World-first study discovers why some people don't get Covid

Researchers at Queen Mary University of London found people experience long-term symptoms – or long colds – after respiratory infections that test negative for Covid-19
-Credit: (Image: Yui Mok/PA)


Researchers have shed new light on why some people do not get Covid-19. In a world-first, 36 healthy people who had never had coronavirus were deliberately given the virus that causes the disease.

The study found their immune systems responded in a novel way, helping to explain how some people avoid getting Covid. The findings may pave the way for treatments and vaccines mimicking these natural defences, not just for Covid, but potentially other diseases too.

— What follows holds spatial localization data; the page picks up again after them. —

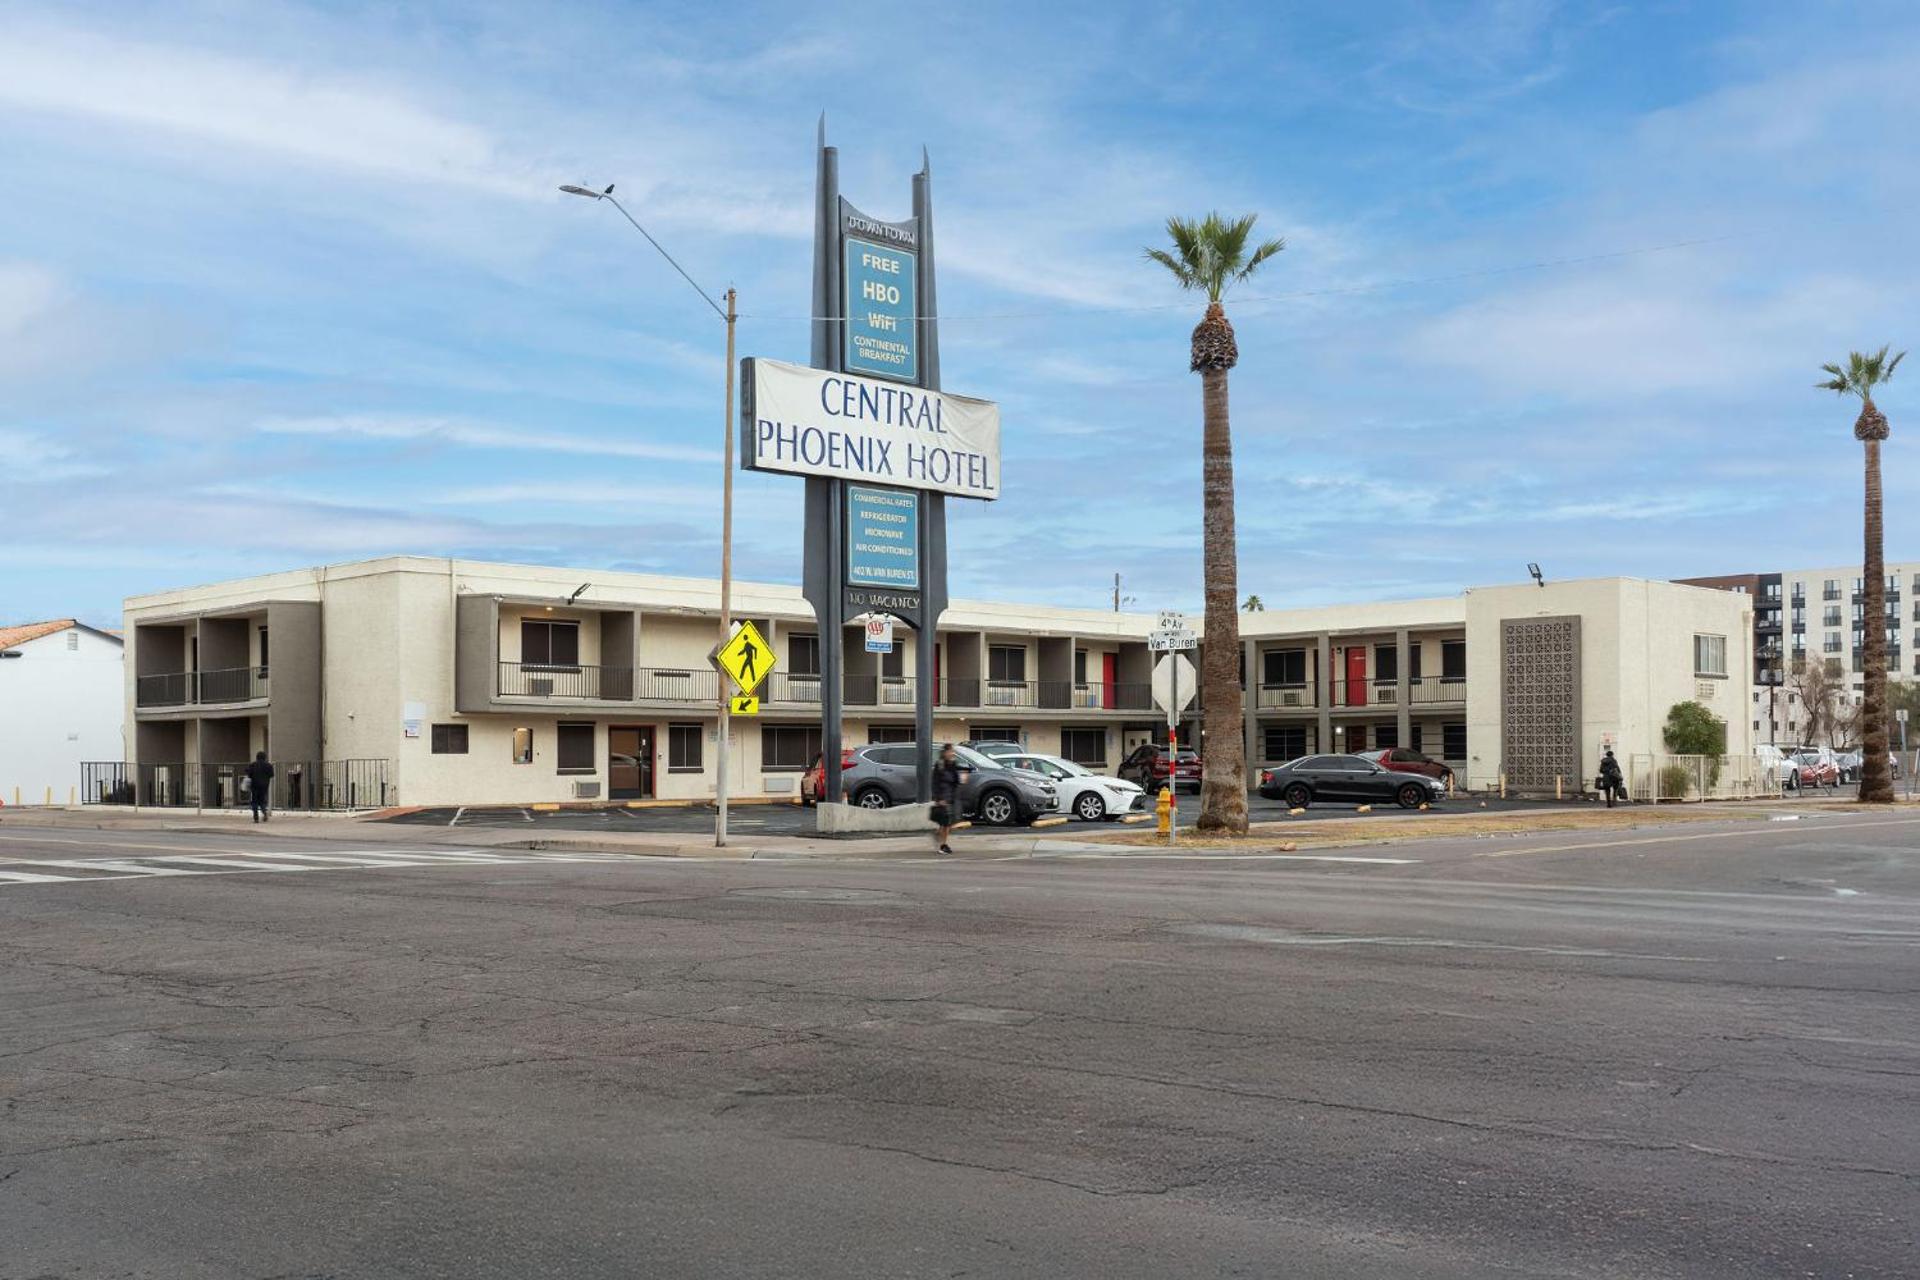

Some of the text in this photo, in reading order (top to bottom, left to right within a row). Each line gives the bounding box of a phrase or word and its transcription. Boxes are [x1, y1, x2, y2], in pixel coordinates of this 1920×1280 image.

[848, 216, 915, 244] DOWNTOWN
[862, 253, 900, 274] FREE
[863, 280, 900, 305] HBO
[853, 335, 910, 355] CONTINENTAL
[859, 347, 906, 365] BREAKFAST
[821, 377, 948, 434] CENTRAL
[757, 419, 994, 490] PHOENIX HOTEL
[854, 493, 894, 505] COMMERCIAL
[860, 511, 907, 524] REFRIGERATOR
[864, 527, 904, 540] MICROWAVE
[855, 543, 913, 557] AIR CONDITIONED
[849, 592, 920, 609] NO VACANCY
[1151, 638, 1195, 649] Van Buren

It is the first time scientists have been able to see how the body responds to a new disease from the very point of exposure. According to the experts, their data can serve as a Rosetta stone for cells that cover various surfaces of the body, and immune cells, and reveals early responses associated with protection against infection.

Dr Marko Nikolic, senior author of the study at UCL and honorary consultant in respiratory medicine, said: "These findings shed new light on the crucial early events that either allow the virus to take hold or rapidly clear it before symptoms develop. We now have a much greater understanding of the full range of immune responses, which could provide a basis for developing potential treatments and vaccines that mimic these natural protective responses."

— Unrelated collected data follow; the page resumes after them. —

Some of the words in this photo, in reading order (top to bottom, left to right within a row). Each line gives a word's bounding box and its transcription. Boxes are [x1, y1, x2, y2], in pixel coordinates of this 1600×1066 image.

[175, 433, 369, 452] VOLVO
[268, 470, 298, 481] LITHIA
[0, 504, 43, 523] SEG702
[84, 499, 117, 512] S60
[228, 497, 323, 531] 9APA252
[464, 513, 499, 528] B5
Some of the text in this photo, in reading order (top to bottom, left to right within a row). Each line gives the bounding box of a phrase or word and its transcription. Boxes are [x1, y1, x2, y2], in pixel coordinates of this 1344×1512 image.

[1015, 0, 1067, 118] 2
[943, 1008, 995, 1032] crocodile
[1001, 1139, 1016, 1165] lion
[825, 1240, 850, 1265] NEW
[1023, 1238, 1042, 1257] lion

The findings, published in Nature, provide the most comprehensive timeline to date of how the body responds to Covid exposure, or any infectious disease. The scientists suggest it might be possible to extrapolate these findings to other infections, such as flu, and although the study only looked at Covid it is very likely that some of the findings might be similar across different infections.

As part of the UK Covid-19 Human Challenge study, led by Imperial College London, 36 healthy people were given the virus through the nose. Researchers monitored the blood and lining of their noses, tracking the entire infection as well as the immune cell activity prior to the infection event for 16 volunteers.

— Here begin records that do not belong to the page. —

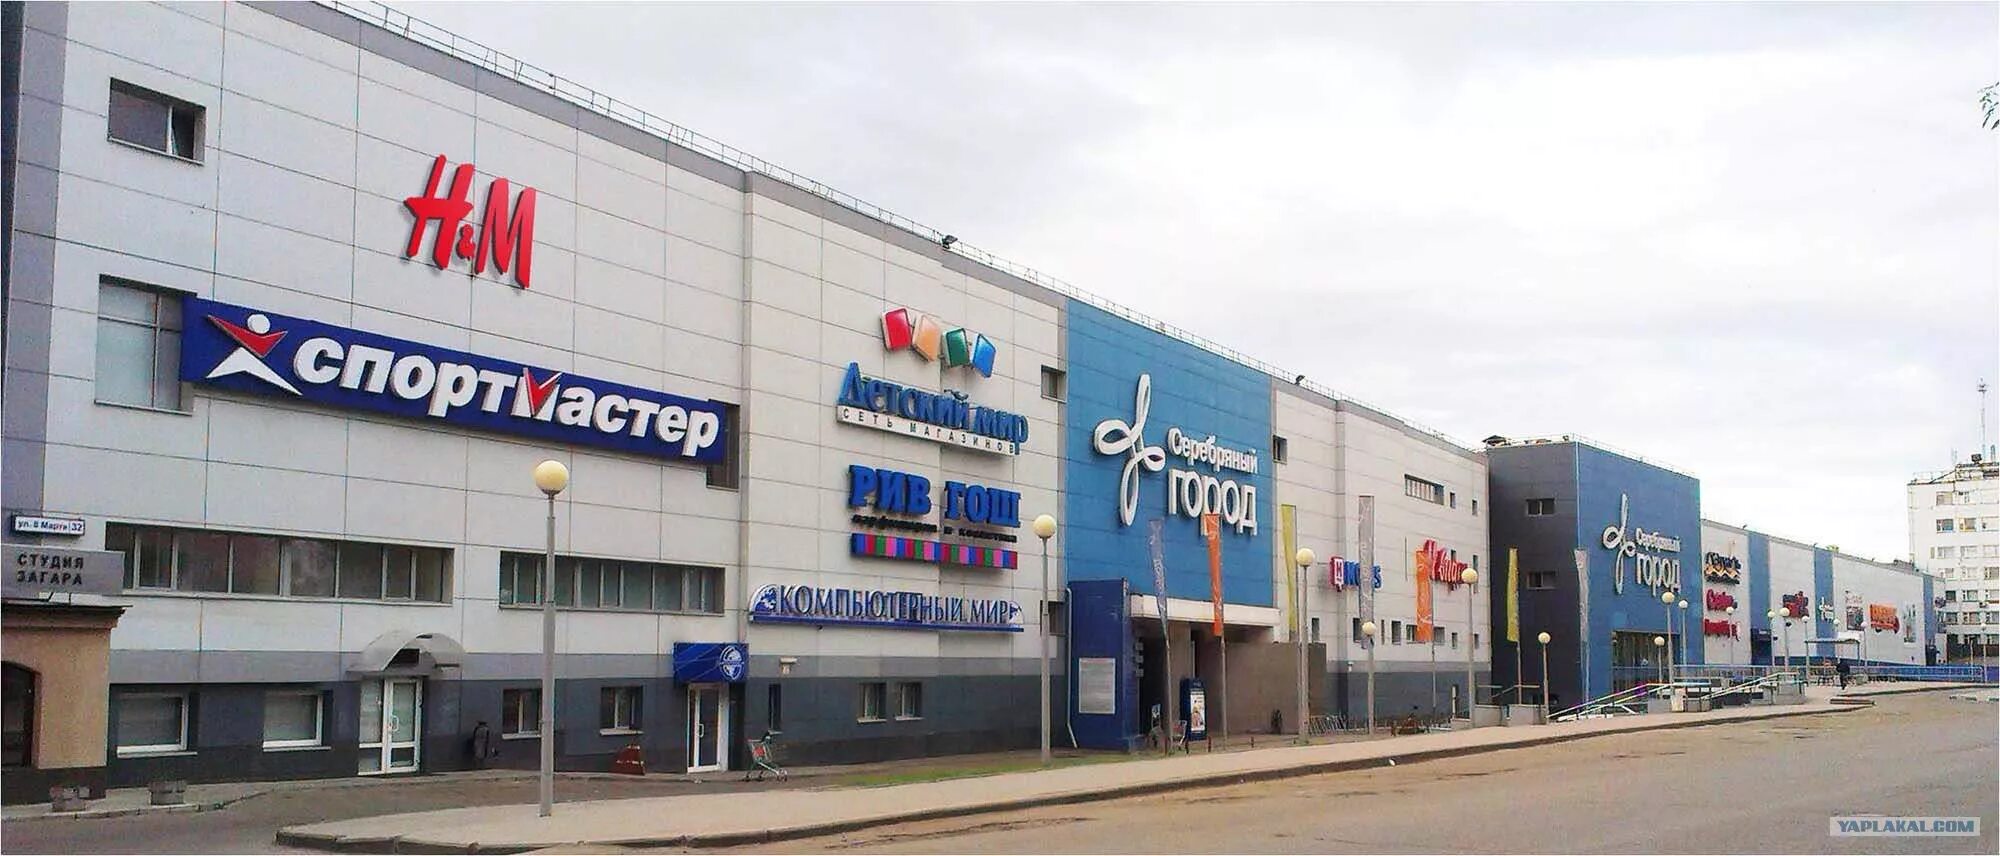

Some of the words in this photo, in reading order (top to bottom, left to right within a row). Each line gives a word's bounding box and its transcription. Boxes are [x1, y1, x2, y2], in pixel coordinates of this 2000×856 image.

[403, 153, 536, 289] H&M
[838, 362, 969, 429] Детский
[843, 408, 893, 427] СЕТЬ
[910, 422, 1014, 454] МАГАЗИНОВ
[1168, 427, 1258, 474] Серебряный
[849, 464, 931, 516] РИВ
[944, 480, 1022, 528] ГОШ
[71, 522, 83, 532] 32
[17, 552, 84, 570] СТУДИЯ
[17, 570, 83, 585] ЗАГАРА
[779, 584, 963, 624] КОМПЬЮТЕРНЫЙ
[971, 599, 1009, 625] МИР

The teams at the Wellcome Sanger Institute and UCL then used a technology called single-cell sequencing to generate a dataset of more than 600,000 individual cells. Across all of those involved in the study, the team discovered previously unreported responses involved in immediate virus detection.

This included activation of specialised immune cells in the blood and a reduction in inflammatory white blood cells that normally engulf and destroy pathogens. People who were able to immediately fight off the virus did not show a typical widespread immune response but instead mounted subtle, never-seen-before innate immune responses, researchers say.

Dr Rik Lindeboom, co-first author of the study, now at the Netherlands Cancer Institute, said: "This was an incredibly unique opportunity to see what immune responses look like when encountering a new pathogen - in adults with no prior history of Covid-19, in a setting where factors such as time of infection and comorbidities could be controlled."

Researchers from the Wellcome Sanger Institute, University College London, Imperial College London, the Netherlands Cancer Institute and their collaborators conducted the work which is part of the Human Cell Atlas initiative to map every cell type in the human body.